Imre Szeman: After Oil is part of Petrocultures, a larger project that a number of us have been working on since 2011. What makes the research activities of the Petrocultures Research Group unique is its insistence that artists, cultural producers, and researchers in the humanities and social sciences have a key role to play in understanding our relation to energy and the environment. By examining cultural discourses and narratives, we hope to generate new knowledge about energy resources past, present, and future. Put simply: one of the key problems of the environment has to do with the energy we use. If we are going to change the energy we use, we have to understand how and why we make use of energy.

In the book After Oil we can read: “An intentional transition is premised on equality, on the right of all peoples and communities to adequate energy resources for survival.” How did oil create inequality and how does the transition to renewable energy sources create a more equal world?

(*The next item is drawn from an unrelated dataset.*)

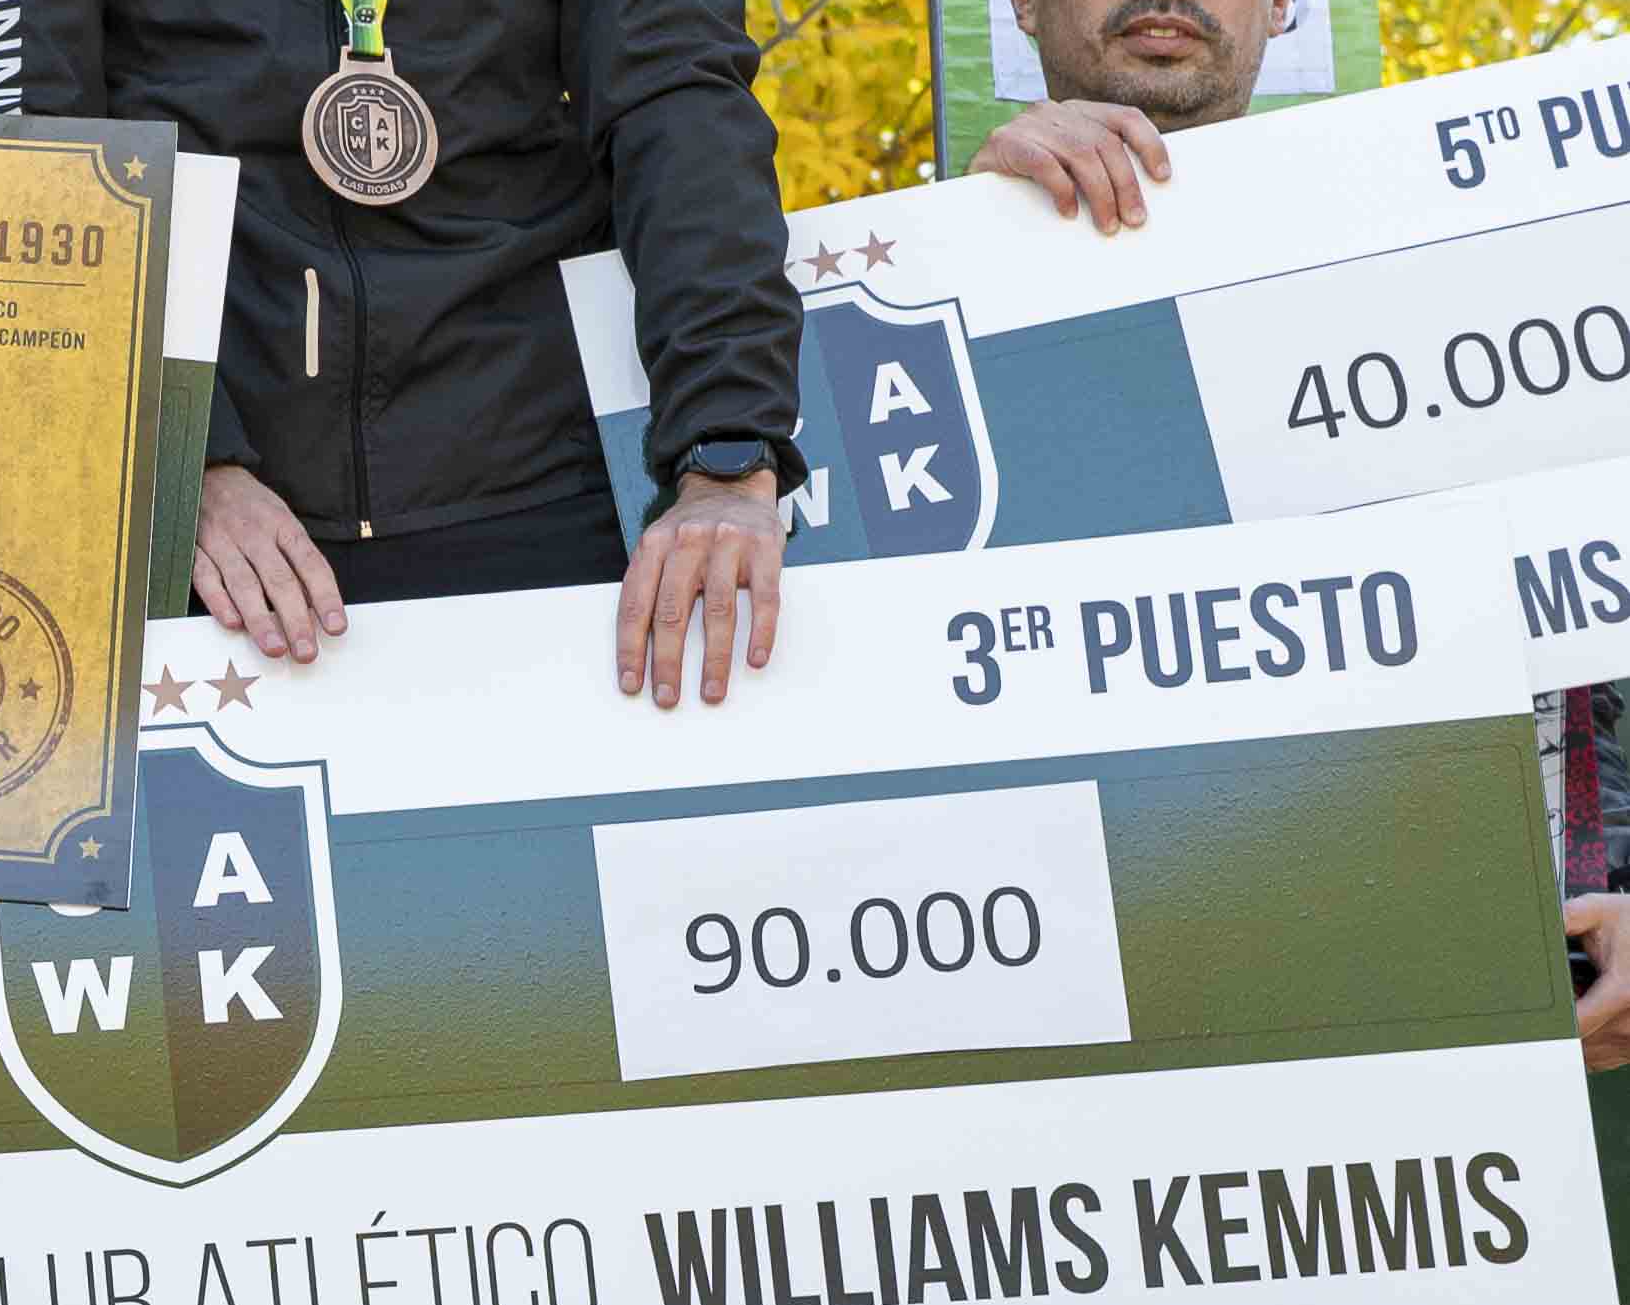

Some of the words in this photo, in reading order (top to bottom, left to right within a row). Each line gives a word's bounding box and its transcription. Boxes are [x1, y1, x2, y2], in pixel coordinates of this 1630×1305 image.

In A Theory of Justice, political philosopher John Rawls famously begins his elaboration of the principles of social justice by articulating a thought experiment  —  the “original position”  —  a hypothetical ground zero from which liberal societies principles were re-constituted. How might we develop social justice if we had to start from scratch, shrouded behind a veil of ignorance, unaware of what position we were going to occupy in society, or our ethnicity or gender, or anything at all? What principles of justice might we establish that would value each of us for who and what we are qua being human? What if we were to add energy to the issues that had to be addressed in this original position?

Rawls never speaks to energy as an issue of social justice. And while he is not a strict egalitarian in his understanding of how goods, capacities and abilities should be assigned in a society, he does identify the need for their to exist a social minimum available to each and every person such that they can achieve their version of the good life however they might want. In the assignment of how much energy each person should have available to the, its unlikely that those in the original position tasked with creating the principles of social justice would think it fair or reasonable that there be vast differences in the amount of energy available to each person: it would mean vast differences in the capacities and opportunities for individuals; it would also mean huge differences in environmental impact across communities, with those using very little energy having to live in an atmosphere poisoned by those using a great deal.

The average per capita energy use across the globe is 1,640 W. Might this represent the beginning point of a discussion over what global energy justice might look like? If everyone on the planet used the same energy as a Canadian, total planetary consumption would be 74 terawatts per year  —  six times as much energy as we currently consume. That’s an impossible figure. The figure of 1640 W per capita is close to current energy use in places like Uruguay and Iraq; and even this figure is too high given the need to limit energy even further due to increase of population and, of course, impact on the environment.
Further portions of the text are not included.